Enquanto o discurso oficial fala em responsabilidade fiscal, o Parlamento inaugura o ano aumentando a própria folha.
O contraste não passa despercebido — especialmente fora de Brasília.
O deputado também questionou a forma. Defendeu votação nominal, mais transparência, mais exposição.
Nesse ponto, o silêncio do plenário fala alto. Votações simbólicas costumam esconder consensos constrangedores.
Segundo Kataguiri, parlamentares de diferentes correntes ideológicas se uniram para aprovar o reajuste.
A esquerda e a direita, tão ruidosas no discurso público, encontram harmonia quando o tema é o próprio bolso.
Essa convergência revela algo estrutural: o corporativismo legislativo resiste melhor do que qualquer polarização.
O argumento de “valorização do servidor” aparece como escudo moral. Mas ele se esvazia quando aplicado apenas aos que já ganham mais.
Valorização seletiva aprofunda desigualdades, não as corrige.
Há também o efeito simbólico. Em um país onde a renda média mal cobre o básico, supersalários corroem a confiança institucional.
Não é apenas uma questão contábil. É uma questão de legitimidade.

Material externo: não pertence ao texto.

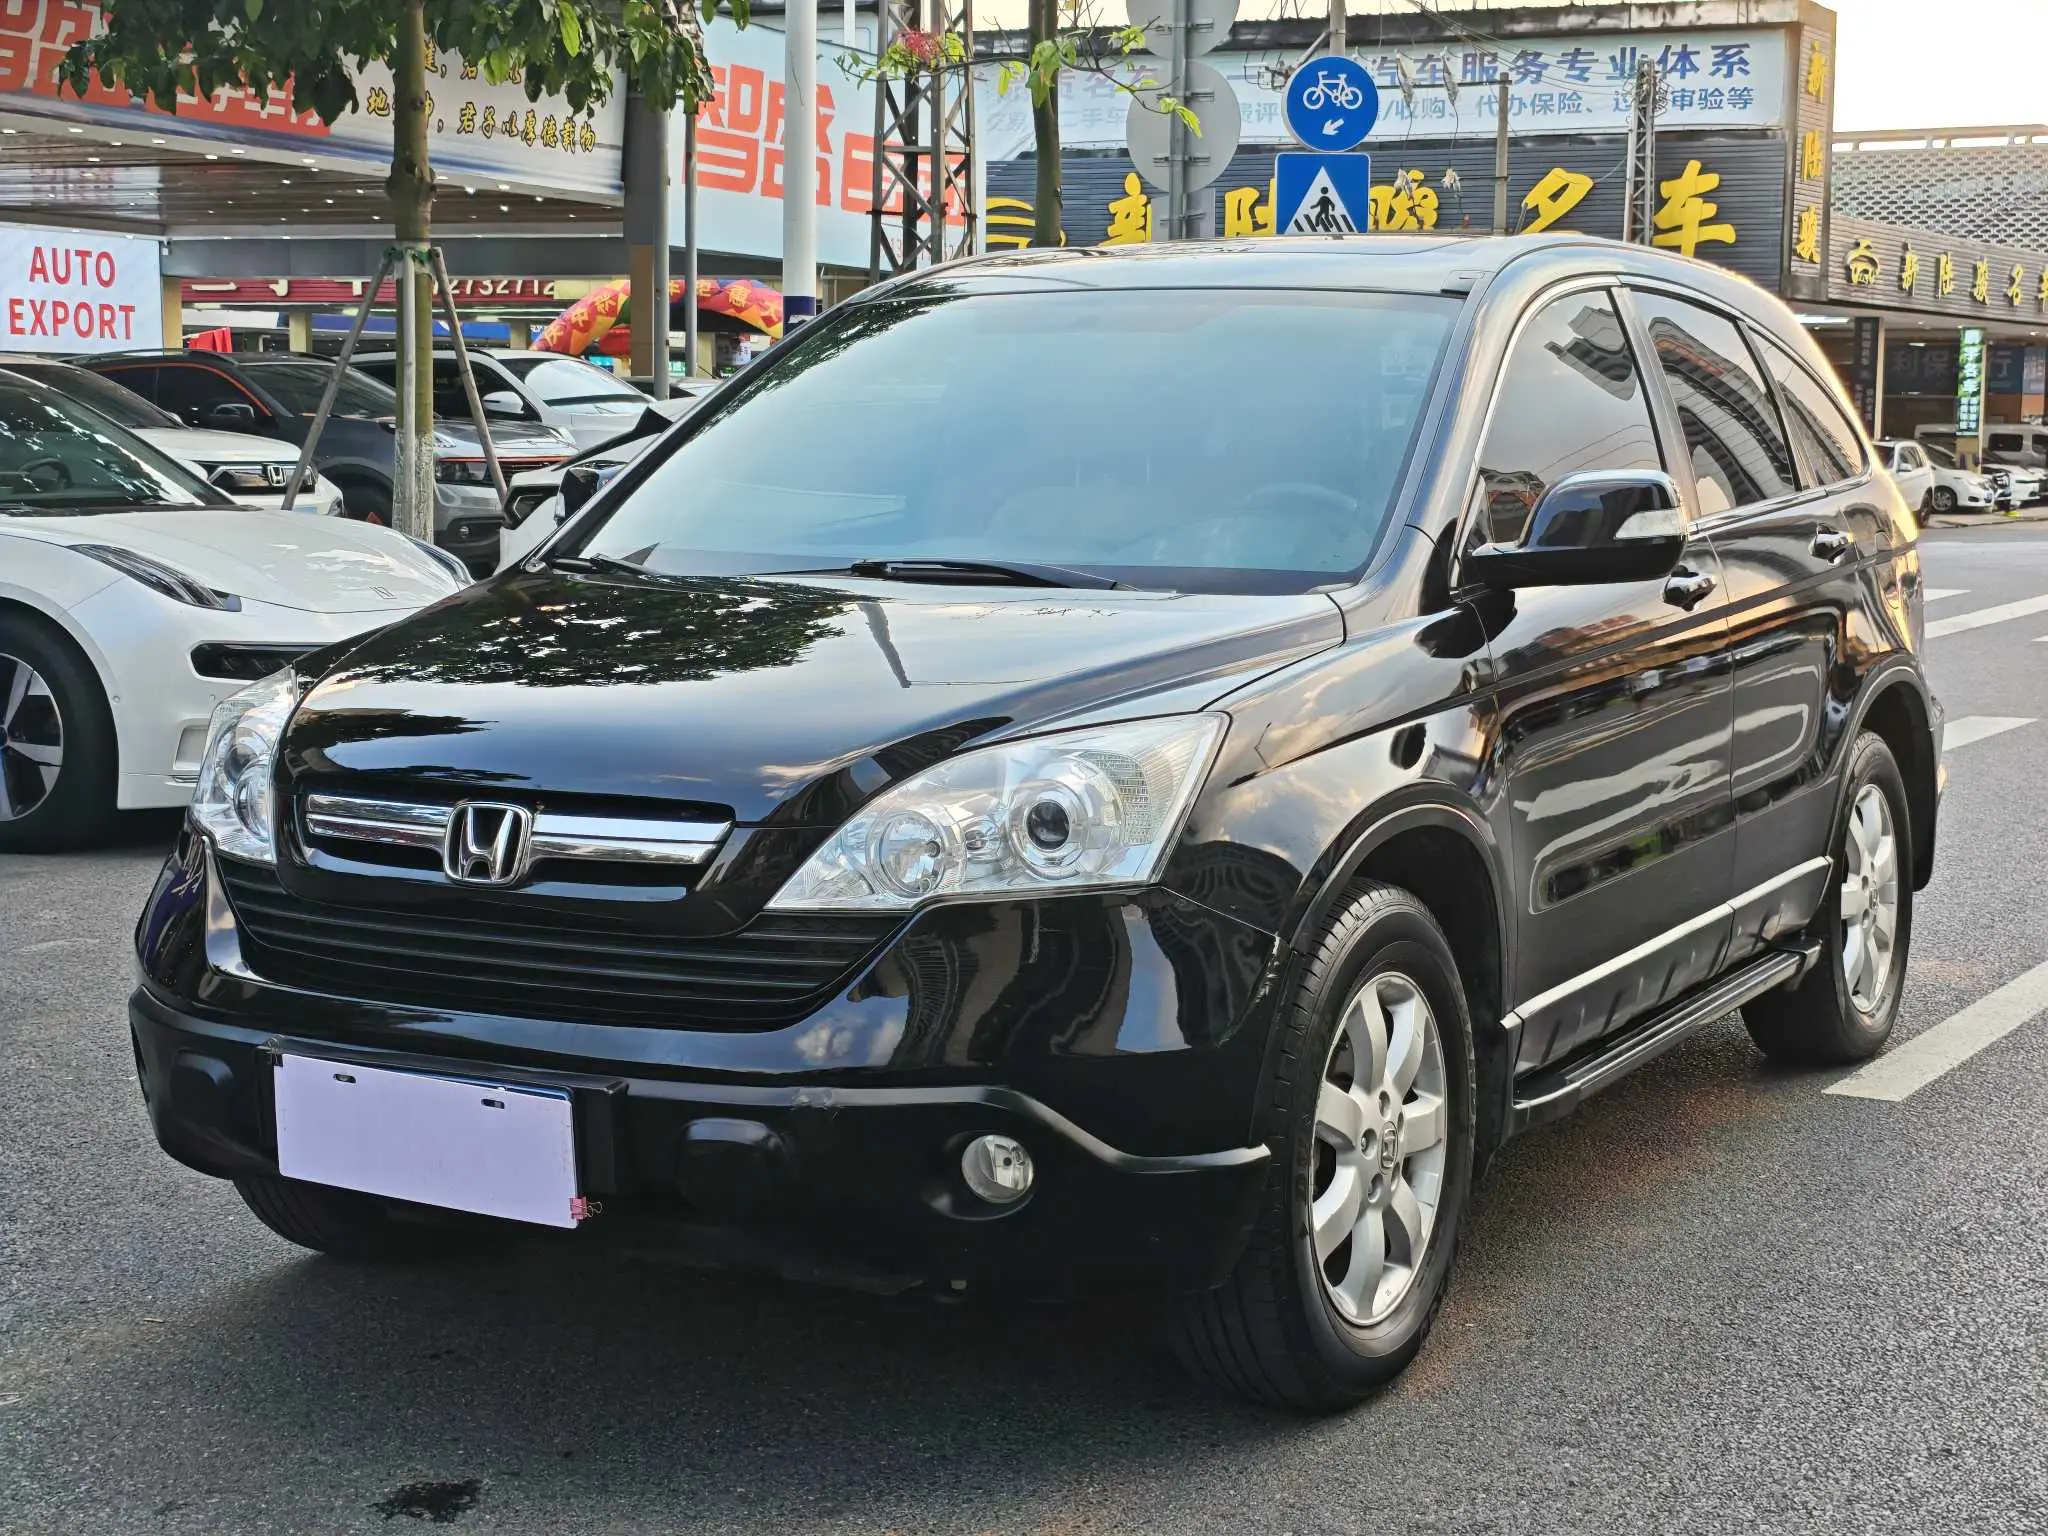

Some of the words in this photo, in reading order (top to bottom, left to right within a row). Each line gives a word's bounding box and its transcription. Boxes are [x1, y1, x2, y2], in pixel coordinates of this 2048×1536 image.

Kataguiri classificou a medida como desrespeito ao contribuinte, especialmente à população de menor renda.
Aqui, o discurso toca um nervo sensível: quem paga a conta não senta à mesa da decisão.
O Congresso tem o direito legal de legislar sobre seus quadros. O problema é quando esse direito ignora o contexto social.
Decisões legais podem ser politicamente míopes.
O reajuste passa. O impacto fiscal fica. A sensação de distanciamento entre representantes e representados se aprofunda.
No fim, a crítica de Kataguiri não é só sobre salários. É sobre prioridades.
E prioridades, em política, revelam muito mais do que discursos inflamados.
Quando o Congresso começa o ano olhando para dentro, o país entende o recado.